## What is expected
Every entry must be printed again exactly, with nothing left out.

## Source information
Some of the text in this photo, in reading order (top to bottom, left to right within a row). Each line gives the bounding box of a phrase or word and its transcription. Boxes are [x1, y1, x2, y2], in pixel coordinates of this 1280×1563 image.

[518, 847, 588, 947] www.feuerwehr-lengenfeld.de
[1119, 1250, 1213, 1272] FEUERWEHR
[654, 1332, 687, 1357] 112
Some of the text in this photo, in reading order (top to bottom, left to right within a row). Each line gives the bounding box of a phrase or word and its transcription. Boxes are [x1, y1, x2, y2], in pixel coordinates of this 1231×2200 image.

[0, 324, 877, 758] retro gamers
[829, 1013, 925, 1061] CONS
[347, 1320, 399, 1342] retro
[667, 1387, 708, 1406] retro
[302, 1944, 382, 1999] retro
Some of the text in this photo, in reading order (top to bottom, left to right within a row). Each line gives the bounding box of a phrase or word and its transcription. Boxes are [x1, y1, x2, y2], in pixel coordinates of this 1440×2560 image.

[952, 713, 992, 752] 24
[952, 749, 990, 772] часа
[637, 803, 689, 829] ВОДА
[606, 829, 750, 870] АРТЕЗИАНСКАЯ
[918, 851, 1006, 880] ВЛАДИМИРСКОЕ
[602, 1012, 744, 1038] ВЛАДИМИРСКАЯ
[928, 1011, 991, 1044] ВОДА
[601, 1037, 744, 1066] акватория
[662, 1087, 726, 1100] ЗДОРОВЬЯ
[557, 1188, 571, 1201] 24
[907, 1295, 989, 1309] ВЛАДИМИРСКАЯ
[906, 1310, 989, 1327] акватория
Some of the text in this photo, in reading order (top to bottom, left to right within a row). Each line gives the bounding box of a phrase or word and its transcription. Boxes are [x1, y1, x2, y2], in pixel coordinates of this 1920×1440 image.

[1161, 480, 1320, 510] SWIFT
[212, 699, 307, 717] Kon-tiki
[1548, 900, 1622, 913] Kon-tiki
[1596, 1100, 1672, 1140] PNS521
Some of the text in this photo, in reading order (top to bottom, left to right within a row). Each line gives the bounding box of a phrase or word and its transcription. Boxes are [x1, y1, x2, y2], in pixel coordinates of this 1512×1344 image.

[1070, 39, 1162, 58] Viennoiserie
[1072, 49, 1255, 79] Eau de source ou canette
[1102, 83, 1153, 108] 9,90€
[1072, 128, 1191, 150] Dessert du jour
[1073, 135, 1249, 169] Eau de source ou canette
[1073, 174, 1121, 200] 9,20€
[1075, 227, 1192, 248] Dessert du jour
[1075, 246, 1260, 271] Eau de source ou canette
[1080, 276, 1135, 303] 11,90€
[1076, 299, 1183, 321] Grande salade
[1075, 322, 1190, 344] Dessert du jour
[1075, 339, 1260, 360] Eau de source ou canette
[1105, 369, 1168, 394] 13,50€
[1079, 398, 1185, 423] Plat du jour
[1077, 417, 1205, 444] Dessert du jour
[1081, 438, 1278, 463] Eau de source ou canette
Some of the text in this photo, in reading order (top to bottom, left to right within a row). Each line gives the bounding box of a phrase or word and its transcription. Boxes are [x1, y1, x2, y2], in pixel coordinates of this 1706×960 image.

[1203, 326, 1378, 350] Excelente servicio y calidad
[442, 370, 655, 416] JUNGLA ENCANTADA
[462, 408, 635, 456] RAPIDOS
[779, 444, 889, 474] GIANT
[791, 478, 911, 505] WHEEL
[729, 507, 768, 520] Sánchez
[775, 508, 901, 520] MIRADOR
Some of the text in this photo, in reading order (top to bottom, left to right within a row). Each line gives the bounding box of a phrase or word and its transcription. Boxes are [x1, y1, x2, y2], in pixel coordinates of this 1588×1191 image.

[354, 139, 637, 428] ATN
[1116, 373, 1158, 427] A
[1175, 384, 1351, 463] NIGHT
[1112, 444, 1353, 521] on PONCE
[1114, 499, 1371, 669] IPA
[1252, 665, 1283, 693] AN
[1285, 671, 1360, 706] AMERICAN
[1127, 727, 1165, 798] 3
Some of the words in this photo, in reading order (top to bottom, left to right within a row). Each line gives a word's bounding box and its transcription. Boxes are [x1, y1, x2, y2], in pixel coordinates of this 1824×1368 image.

## Written solution
Some of the text in this photo, in reading order (top to bottom, left to right within a row). Each line gives the bounding box of a phrase or word and its transcription. Boxes are [x1, y1, x2, y2], in pixel coordinates of this 1280×1563 image.

[518, 847, 588, 947] www.feuerwehr-lengenfeld.de
[1119, 1250, 1213, 1272] FEUERWEHR
[654, 1332, 687, 1357] 112
Some of the text in this photo, in reading order (top to bottom, left to right within a row). Each line gives the bounding box of a phrase or word and its transcription. Boxes are [x1, y1, x2, y2], in pixel coordinates of this 1231×2200 image.

[0, 324, 877, 758] retro gamers
[829, 1013, 925, 1061] CONS
[347, 1320, 399, 1342] retro
[667, 1387, 708, 1406] retro
[302, 1944, 382, 1999] retro
Some of the text in this photo, in reading order (top to bottom, left to right within a row). Each line gives the bounding box of a phrase or word and its transcription. Boxes are [x1, y1, x2, y2], in pixel coordinates of this 1440×2560 image.

[952, 713, 992, 752] 24
[952, 749, 990, 772] часа
[637, 803, 689, 829] ВОДА
[606, 829, 750, 870] АРТЕЗИАНСКАЯ
[918, 851, 1006, 880] ВЛАДИМИРСКОЕ
[602, 1012, 744, 1038] ВЛАДИМИРСКАЯ
[928, 1011, 991, 1044] ВОДА
[601, 1037, 744, 1066] акватория
[662, 1087, 726, 1100] ЗДОРОВЬЯ
[557, 1188, 571, 1201] 24
[907, 1295, 989, 1309] ВЛАДИМИРСКАЯ
[906, 1310, 989, 1327] акватория
Some of the text in this photo, in reading order (top to bottom, left to right within a row). Each line gives the bounding box of a phrase or word and its transcription. Boxes are [x1, y1, x2, y2], in pixel coordinates of this 1920×1440 image.

[1161, 480, 1320, 510] SWIFT
[212, 699, 307, 717] Kon-tiki
[1548, 900, 1622, 913] Kon-tiki
[1596, 1100, 1672, 1140] PNS521
Some of the text in this photo, in reading order (top to bottom, left to right within a row). Each line gives the bounding box of a phrase or word and its transcription. Boxes are [x1, y1, x2, y2], in pixel coordinates of this 1512×1344 image.

[1070, 39, 1162, 58] Viennoiserie
[1072, 49, 1255, 79] Eau de source ou canette
[1102, 83, 1153, 108] 9,90€
[1072, 128, 1191, 150] Dessert du jour
[1073, 135, 1249, 169] Eau de source ou canette
[1073, 174, 1121, 200] 9,20€
[1075, 227, 1192, 248] Dessert du jour
[1075, 246, 1260, 271] Eau de source ou canette
[1080, 276, 1135, 303] 11,90€
[1076, 299, 1183, 321] Grande salade
[1075, 322, 1190, 344] Dessert du jour
[1075, 339, 1260, 360] Eau de source ou canette
[1105, 369, 1168, 394] 13,50€
[1079, 398, 1185, 423] Plat du jour
[1077, 417, 1205, 444] Dessert du jour
[1081, 438, 1278, 463] Eau de source ou canette
Some of the text in this photo, in reading order (top to bottom, left to right within a row). Each line gives the bounding box of a phrase or word and its transcription. Boxes are [x1, y1, x2, y2], in pixel coordinates of this 1706×960 image.

[1203, 326, 1378, 350] Excelente servicio y calidad
[442, 370, 655, 416] JUNGLA ENCANTADA
[462, 408, 635, 456] RAPIDOS
[779, 444, 889, 474] GIANT
[791, 478, 911, 505] WHEEL
[729, 507, 768, 520] Sánchez
[775, 508, 901, 520] MIRADOR
Some of the text in this photo, in reading order (top to bottom, left to right within a row). Each line gives the bounding box of a phrase or word and its transcription. Boxes are [x1, y1, x2, y2], in pixel coordinates of this 1588×1191 image.

[354, 139, 637, 428] ATN
[1116, 373, 1158, 427] A
[1175, 384, 1351, 463] NIGHT
[1112, 444, 1353, 521] on PONCE
[1114, 499, 1371, 669] IPA
[1252, 665, 1283, 693] AN
[1285, 671, 1360, 706] AMERICAN
[1127, 727, 1165, 798] 3
Some of the words in this photo, in reading order (top to bottom, left to right within a row). Each line gives a word's bounding box and its transcription. Boxes are [x1, y1, x2, y2], in pixel coordinates of this 1824×1368 image.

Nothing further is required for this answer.